World Series of Poker
- Bracelet: None
- Money finishes: 28
- Highest WSOP Main Event finish: 42nd, 2001

World Poker Tour
- Title: None
- Final table: 2
- Money finishes: 9

European Poker Tour
- Title: None
- Final table: None
- Money finish: 1

= Bill Gazes =

American poker player

William G. Gazes (born December 25) is an American professional poker player from Las Vegas, Nevada, who in his career has made over $2.2 million in live tournament earnings and was a sponsored player on Full Tilt Poker known as a Full Tilt Pro.

Gazes, whose ex-wife is fellow professional poker player Kristy Gazes, has been playing in live tournaments since 1993. Although he is without a World Series of Poker (WSOP) bracelet or a World Poker Tour (WPT) title, Gazes has cashed nine times in the WPT and 28 times at the WSOP.

==Poker career==

=== World Series of Poker ===
Gazes's largest cashes at the WSOP include coming in fourth in the 1997 World Series of Poker $2,000 No Limit Hold'em event, earning $46,150, a final table which included Ron Stanley (3rd) and "Miami" John Cernuto (winner). Gazes cashed in the 2005 World Series of Poker $1,500 No Limit Hold'em event finishing third for $202,790 and was runner-up at the 2007 World Series of Poker $5,000 H.O.R.S.E event, earning $153,408.

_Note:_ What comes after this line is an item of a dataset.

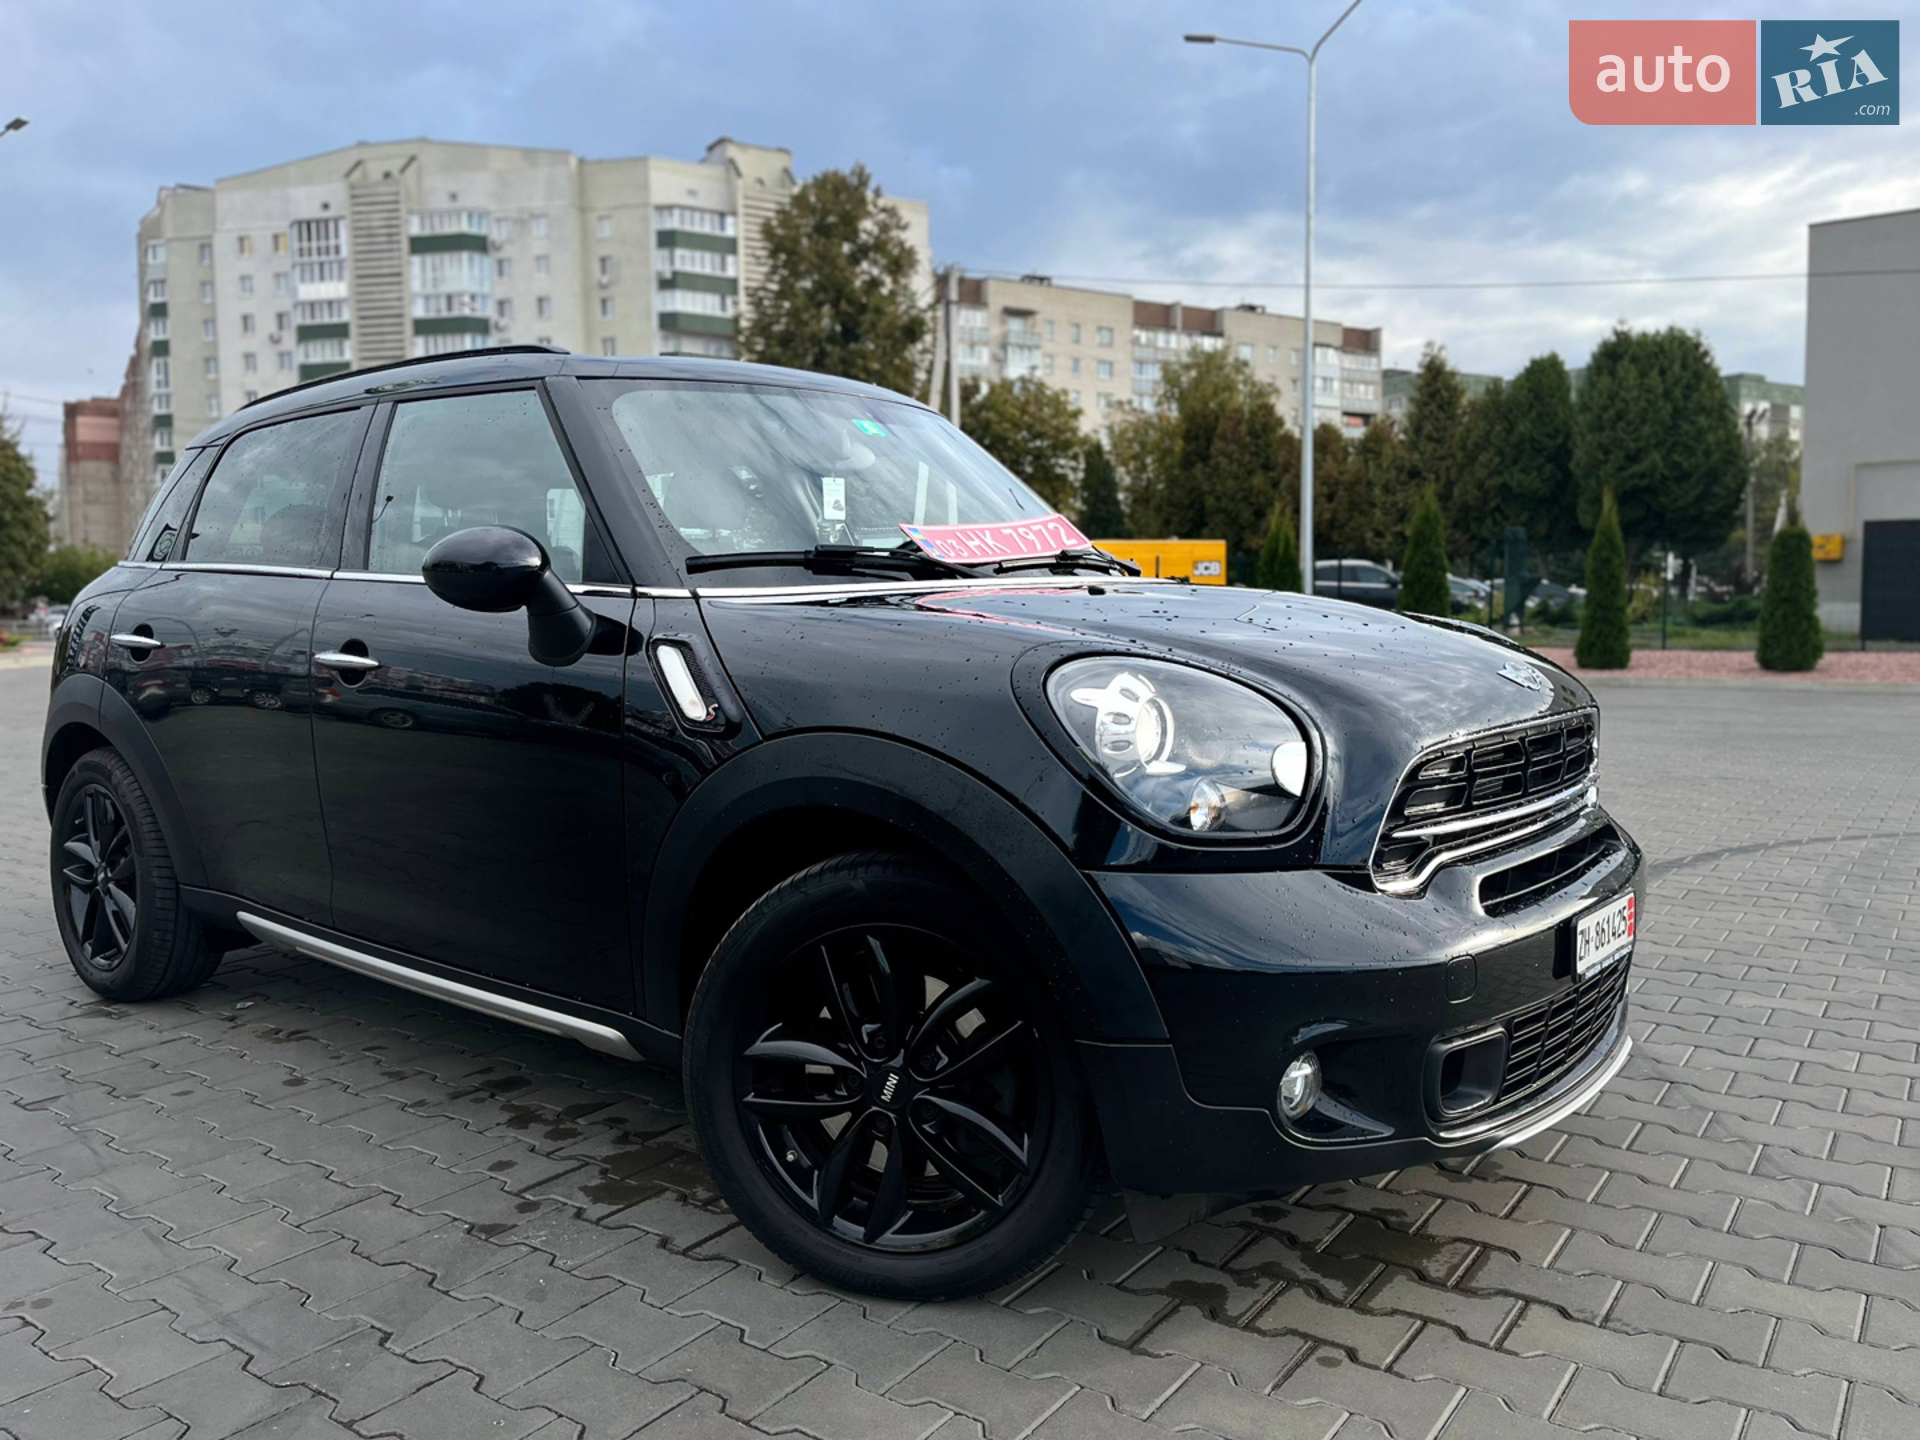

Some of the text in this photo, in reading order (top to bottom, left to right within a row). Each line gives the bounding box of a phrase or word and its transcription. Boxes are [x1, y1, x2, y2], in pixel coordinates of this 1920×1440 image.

[935, 540, 968, 558] 03
[955, 530, 1010, 556] HK
[1002, 522, 1078, 553] 7972
[881, 1072, 900, 1103] MINI

Gazes was noted for his appearance on the 2007 World Series of Poker comical segment known as "The Nuts", were after kicking a football in a field goal attempt during a prop bet between him and professional players Daniel Negreanu, Josh Arieh, and Erick Lindgren, and having missed and fallen on his attempt, a female ESPN intern threw it towards him in order to return the ball in the field of play but instead Gazes was struck directly in the face by the football as he was lying on his back.

=== World Poker Tour ===
Gazes has cashed nine times at the WPT championship events, making two final tables; his first was at the 2004 L.A. Poker Classic where he finished fourth, earning $226,890, his second was at the 2005 World Poker Finals in Mashantucket where he finished third for $759,000, his biggest cash to date and nearly making another six-handed televised final table earlier at the 2004 PokerStars Caribbean Adventure, finishing in eighth place for $43,095.

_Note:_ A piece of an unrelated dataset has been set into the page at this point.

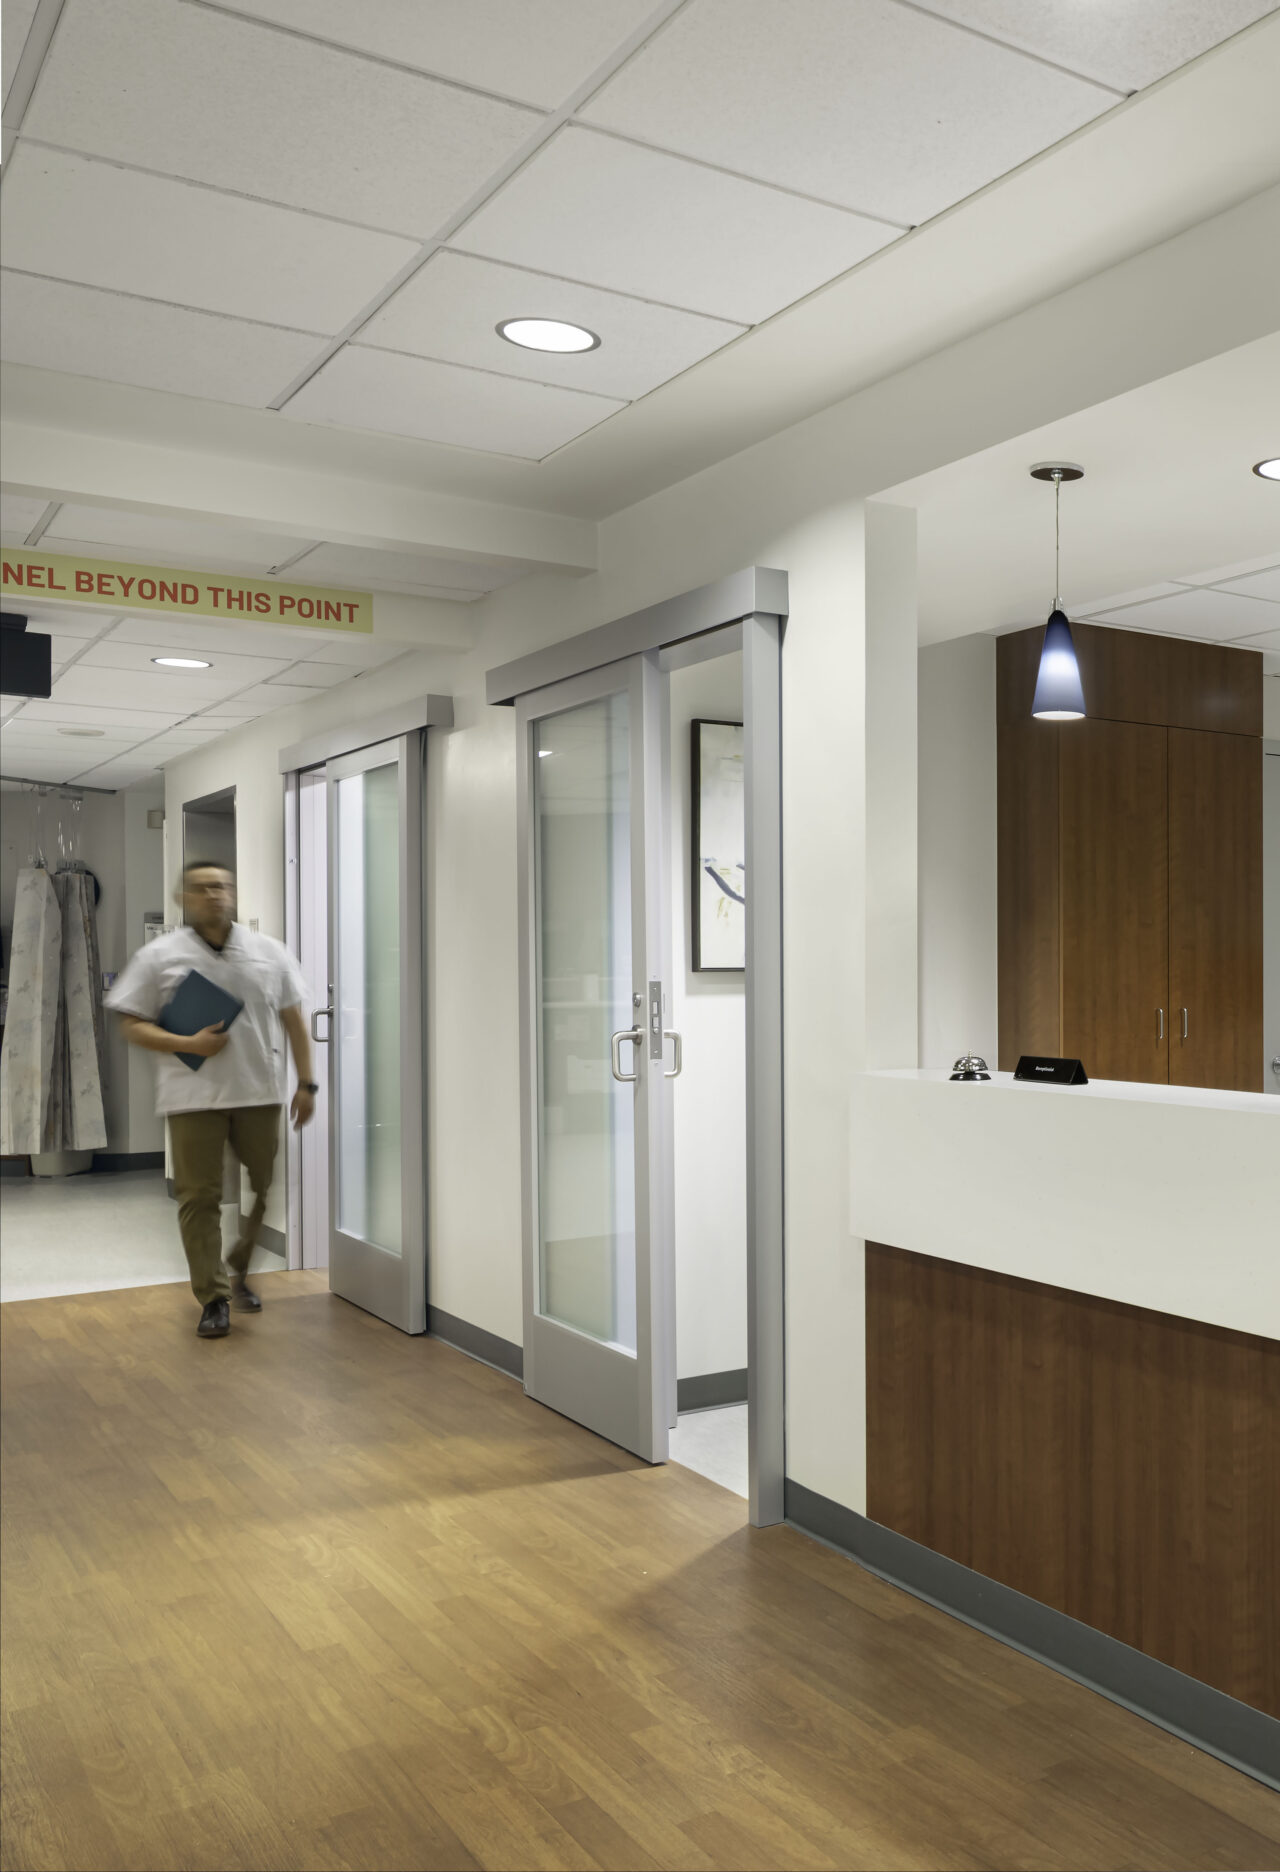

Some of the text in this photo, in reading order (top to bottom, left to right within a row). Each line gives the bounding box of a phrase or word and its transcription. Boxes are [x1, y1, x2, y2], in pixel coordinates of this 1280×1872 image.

[75, 570, 199, 605] BEYOND
[207, 586, 271, 614] THIS
[279, 595, 359, 623] POINT

=== Other poker events ===
Gazes won a $500 Omaha Hi-Low event at the 1999 Legends of Poker in Los Angeles, earning $21,800 and the $1,500 No Limit Hold'em event in 2000 at the Carnivale of Poker III in Las Vegas, earning $111,142.

He has one cash at the European Poker Tour (EPT), where he finished in 15th place in the £3,000 No Limit Hold'em Championship event, earning £5,000 ($8,987) and has cashed three times at the Crown Australian Poker Championship.

As of 2024, his total live tournament winnings exceed $2,300,000. His 34 cashes as the WSOP account for $643,698 of those winnings.